Spatial localization data
*** Begin section ***

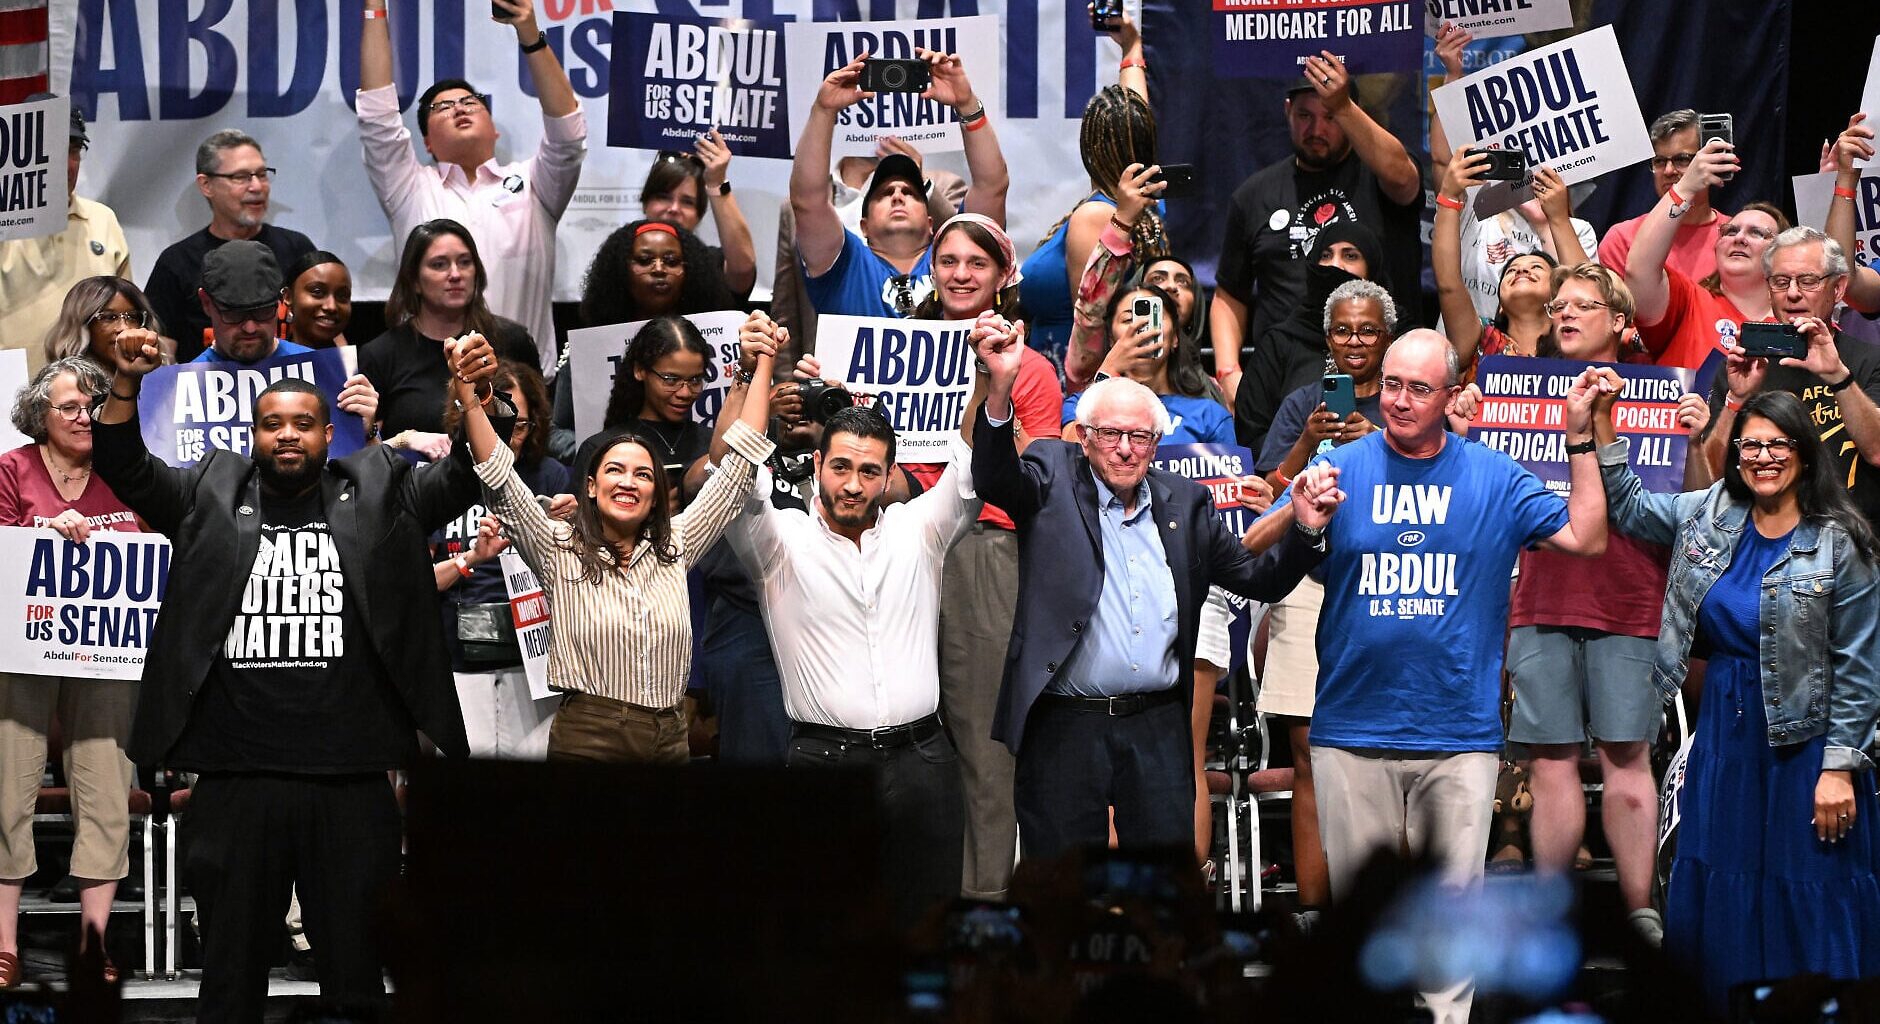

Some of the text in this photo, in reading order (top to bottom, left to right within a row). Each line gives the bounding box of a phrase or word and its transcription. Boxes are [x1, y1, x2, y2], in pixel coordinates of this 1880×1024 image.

[1225, 4, 1412, 40] MEDICARE FOR ALL
[644, 22, 781, 87] ABDUL
[645, 84, 672, 100] FOR
[645, 99, 671, 120] US
[675, 84, 778, 129] SENATE
[1465, 48, 1597, 142] ABDUL
[1504, 105, 1610, 168] SENATE
[846, 327, 970, 388] ABDUL
[1485, 373, 1542, 396] MONEY
[878, 390, 966, 431] SENATE
[1482, 402, 1679, 430] MONEY IN POCKET
[176, 429, 205, 446] FOR
[177, 443, 206, 462] US
[1480, 431, 1569, 462] MEDICAR
[1637, 438, 1673, 466] ALL
[1372, 484, 1452, 524] UAW
[1403, 534, 1419, 542] FOR
[1358, 552, 1459, 595] ABDUL
[241, 571, 343, 614] OTERS
[1369, 598, 1444, 616] U.S. SENATE
[26, 604, 54, 621] FOR
[58, 604, 158, 648] SENAT
[26, 620, 54, 641] US
[43, 651, 144, 664] AbdulForSenate.co

*** End section ***

= Assigned task =
Every record above should come back exactly, but without its pictures.

= Solution to this task =
Some of the text in this photo, in reading order (top to bottom, left to right within a row). Each line gives the bounding box of a phrase or word and its transcription. Boxes are [x1, y1, x2, y2], in pixel coordinates of this 1880×1024 image.

[1225, 4, 1412, 40] MEDICARE FOR ALL
[644, 22, 781, 87] ABDUL
[645, 84, 672, 100] FOR
[645, 99, 671, 120] US
[675, 84, 778, 129] SENATE
[1465, 48, 1597, 142] ABDUL
[1504, 105, 1610, 168] SENATE
[846, 327, 970, 388] ABDUL
[1485, 373, 1542, 396] MONEY
[878, 390, 966, 431] SENATE
[1482, 402, 1679, 430] MONEY IN POCKET
[176, 429, 205, 446] FOR
[177, 443, 206, 462] US
[1480, 431, 1569, 462] MEDICAR
[1637, 438, 1673, 466] ALL
[1372, 484, 1452, 524] UAW
[1403, 534, 1419, 542] FOR
[1358, 552, 1459, 595] ABDUL
[241, 571, 343, 614] OTERS
[1369, 598, 1444, 616] U.S. SENATE
[26, 604, 54, 621] FOR
[58, 604, 158, 648] SENAT
[26, 620, 54, 641] US
[43, 651, 144, 664] AbdulForSenate.co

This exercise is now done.